Trudier Harris (born February 1948) is an American literary scholar, author, and Professor Emerita at the University of Alabama. She was the  J. Carlyle Sitterson Distinguished Professor at University of North Carolina at Chapel Hill.

Biography
Harris was born in February 1948 in Tuscaloosa, Tuscaloosa County, Alabama. She was the sixth of seven children born to Terrell Harris Sr. and Unareed Harris (née Burton). Her early years were spent on an 80-acre cotton farm in Greene County, Alabama. Her father was a successful farmer but still combated the prejudices of the day, jailed for one year after being accused of stealing a bale of cotton. She participated in canning vegetables and killing hogs on the farm. Her father succumbed to a heart attack in 1954 when she was six years old. After her father's death, members of the Harris family suggested Unareed separate the children and turn custody over to extended family members. Her mother refused, sold the cotton farm, and moved everyone to Tuscaloosa, Alabama. To support her family, she worked as a domestic for white families, then later as a janitor and cook at an elementary school.

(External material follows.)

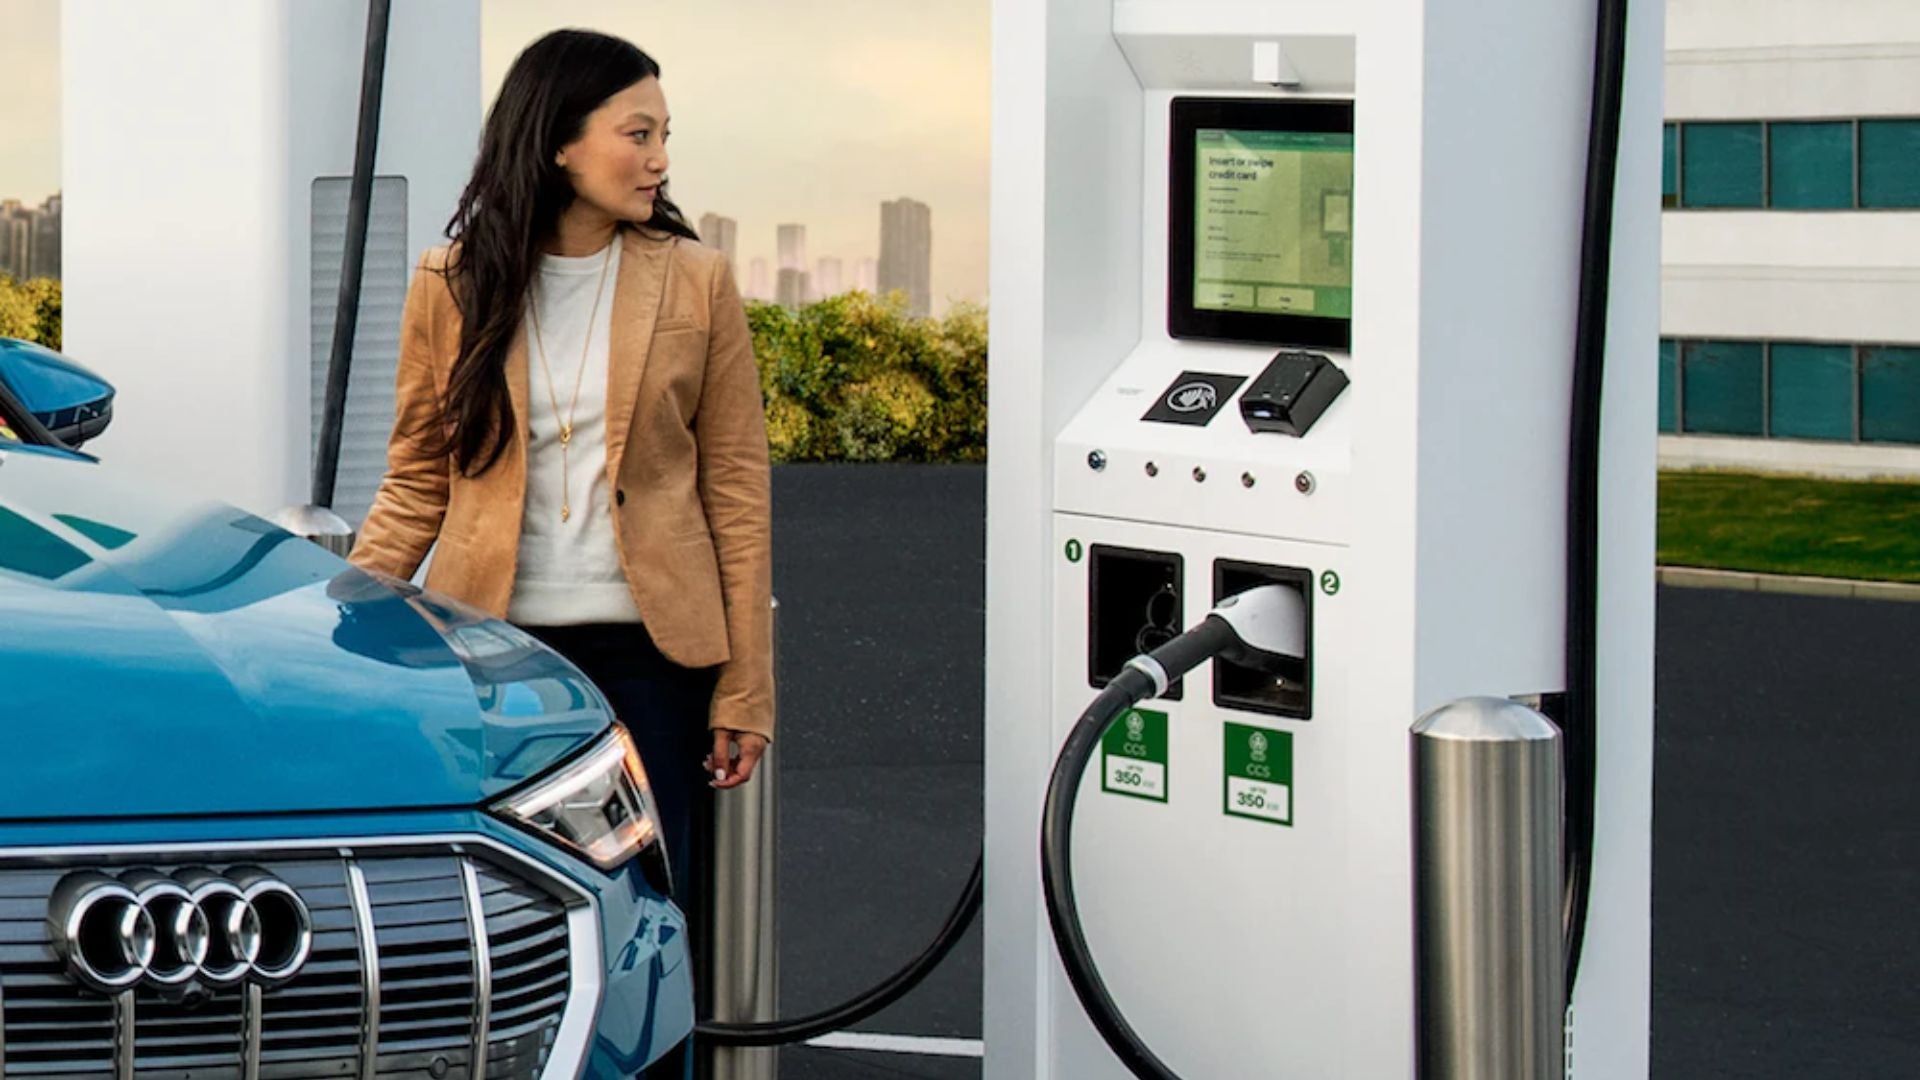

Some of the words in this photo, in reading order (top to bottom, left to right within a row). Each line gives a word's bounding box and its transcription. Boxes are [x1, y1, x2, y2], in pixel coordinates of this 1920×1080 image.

Harris attended the all-black Druid High School in Tuscaloosa, Alabama. She worked her way through Stillman College in Tuscaloosa, graduating in 1969 with a B.A., magna cum laude, in English and a minor in social studies. Active on campus, she became president of her sorority, Zeta Phi Beta. As a student worker, she was an assistant to John Rice (Condoleezza Rice's father) when he was a dean at Stillman College. Harris attended Ohio State University in Columbus, Ohio, where she received her master's (1972) and doctoral degrees (1973) in English.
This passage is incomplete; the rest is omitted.